基板本体の材料としてシリコン基板を用いた。基板本体の上面に、120nmの厚さのシリコン酸化膜層(薄膜層)を、熱酸化法により形成した。さらに、フォトリソグラフィ法とドライエッチング法を用いて、円形状の開口部を持つ微小井戸を形成した。微小井戸の深さは1μmであり、微小井戸の開口部の直径は4μmであった。さらに、水酸化カリウム溶液(濃度:10重量%)により、シリコン酸化膜層の下の基板本体を選択的にエッチングすることにより、微小井戸の開口部の四隅にオーバーハング部を形成した。
脂質二分子膜は以下のように形成した。ジオレオイルホスファチジルコリン(DOPC)、スフィンゴミエリン(SM)及びコレステロール(Chol)を等モルで含有する混合クロロホルム溶液を調製した。この溶液に、0.5モル%、1モル%、3モル%、4モル%、5モル%又は10モル%のGM1を含有させた。
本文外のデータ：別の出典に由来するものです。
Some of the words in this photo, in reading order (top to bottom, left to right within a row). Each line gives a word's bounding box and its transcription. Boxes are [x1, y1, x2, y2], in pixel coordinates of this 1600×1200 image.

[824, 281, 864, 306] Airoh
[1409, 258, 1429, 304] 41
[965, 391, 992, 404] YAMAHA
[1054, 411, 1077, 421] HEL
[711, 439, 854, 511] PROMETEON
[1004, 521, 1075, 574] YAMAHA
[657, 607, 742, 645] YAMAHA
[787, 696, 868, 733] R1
また、対照として、GM1を含有しない溶液を準備した。得られたこれらの溶液に対して、更に、無秩序液体相用蛍光ラベル剤として、0.05モル%のローダミン‐ジパルミトイルホスファチジルエタノールアミン(Rhod-DOPE)を0.05モル%含有させた。
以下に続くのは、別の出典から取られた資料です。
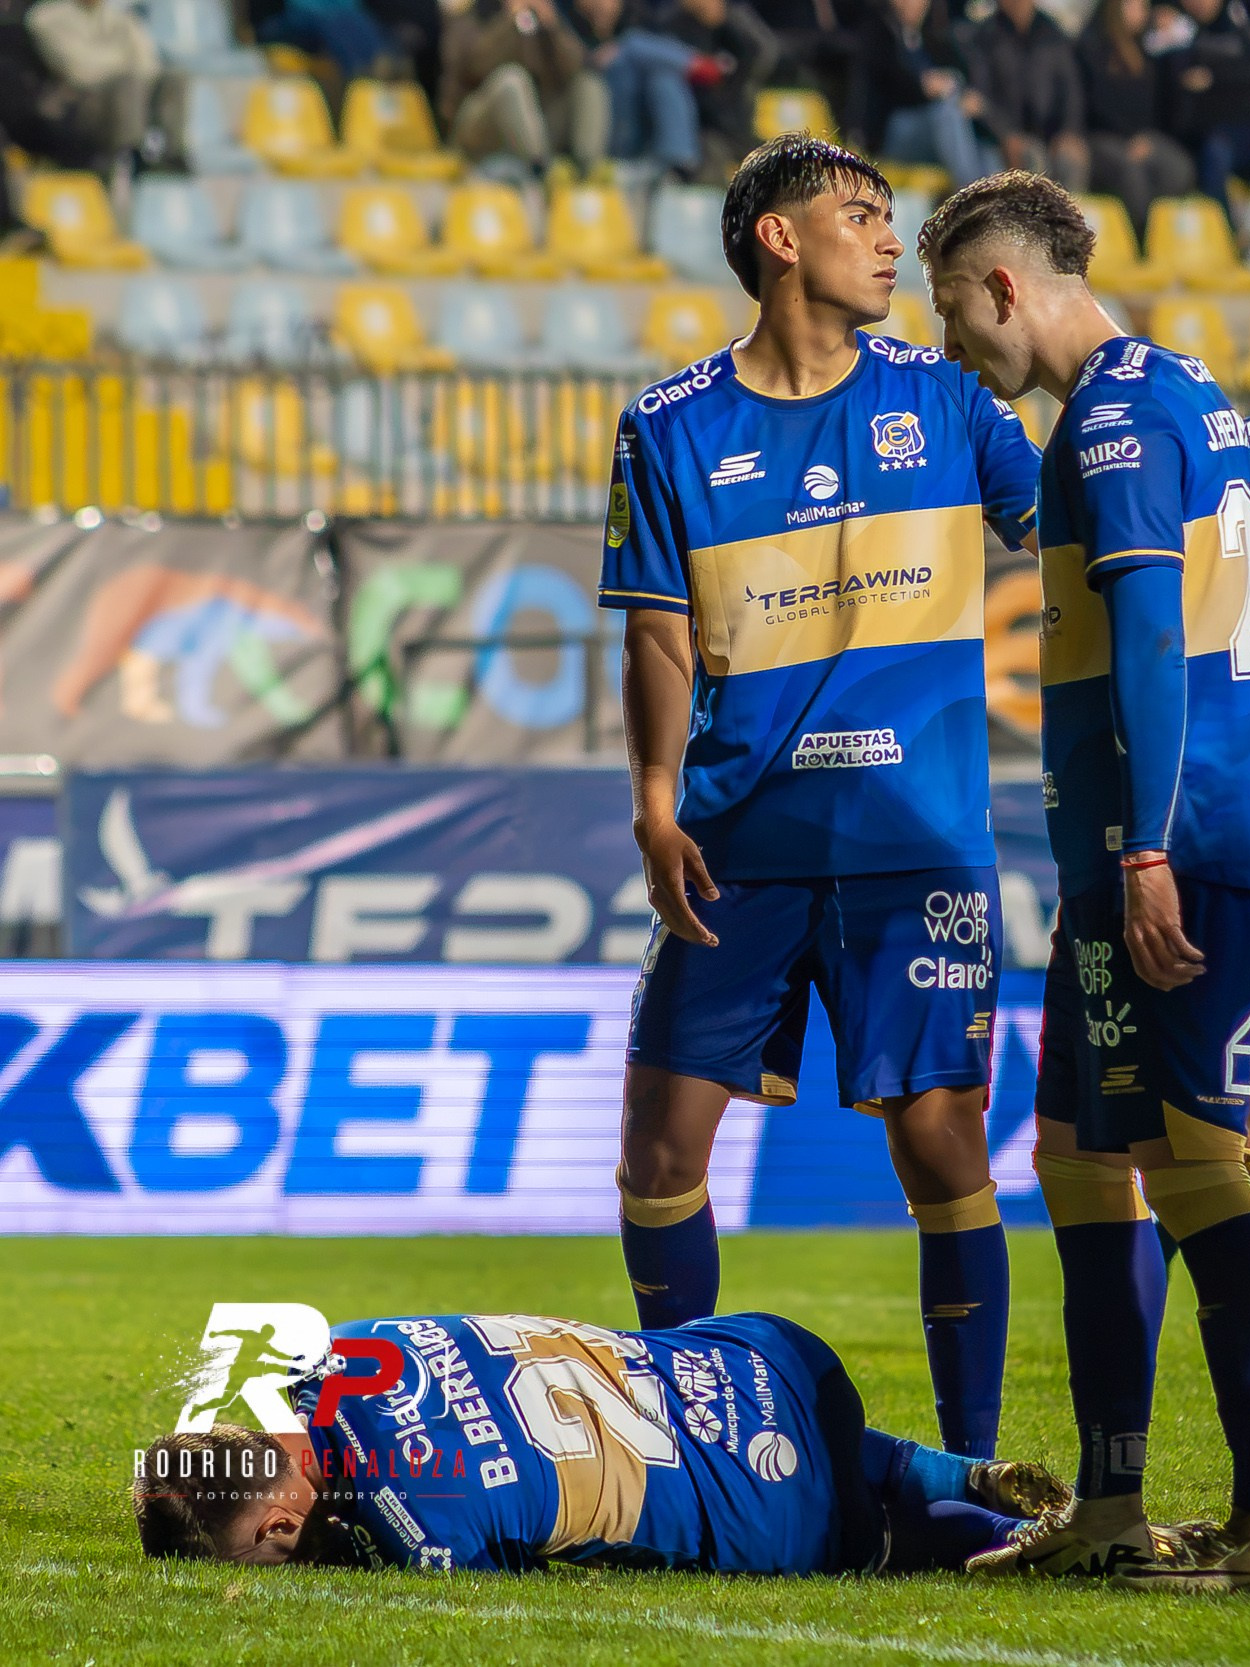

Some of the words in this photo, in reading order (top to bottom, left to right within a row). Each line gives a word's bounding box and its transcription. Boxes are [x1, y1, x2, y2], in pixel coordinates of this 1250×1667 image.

続いて、ITO基板(ガラス上に膜厚100nmのITO薄膜が成膜された基板、サイズ40×40mm、50~100Ω)上に、200μLの前記混合クロロホルム溶液を均一に塗布した。
この基板を、室温で2時間、減圧乾燥して、クロロホルム溶媒を完全に除去することで、均一な脂質分子薄膜をITO基板上に形成した。その上に,サイズ20×20mmでくり貫いた窓部を有するシリコーンゴム(外寸30×30mm、厚さ1mm)を密着して配置し、窓部に500μLの200mM スクロース水溶液を滴下した。
さらに、その上部にITO基板を気泡が入らないように配置し、シリコーンゴム窓部にある溶液をITO基板で挟み込んだ。続いて、ITO基板にクリップ電極を接合し、37℃で交流電場(正弦波,1V,10Hz)を2時間印加することで、電界形成法により巨大脂質膜ベシクルをスクロース溶液中に分散して形成させた。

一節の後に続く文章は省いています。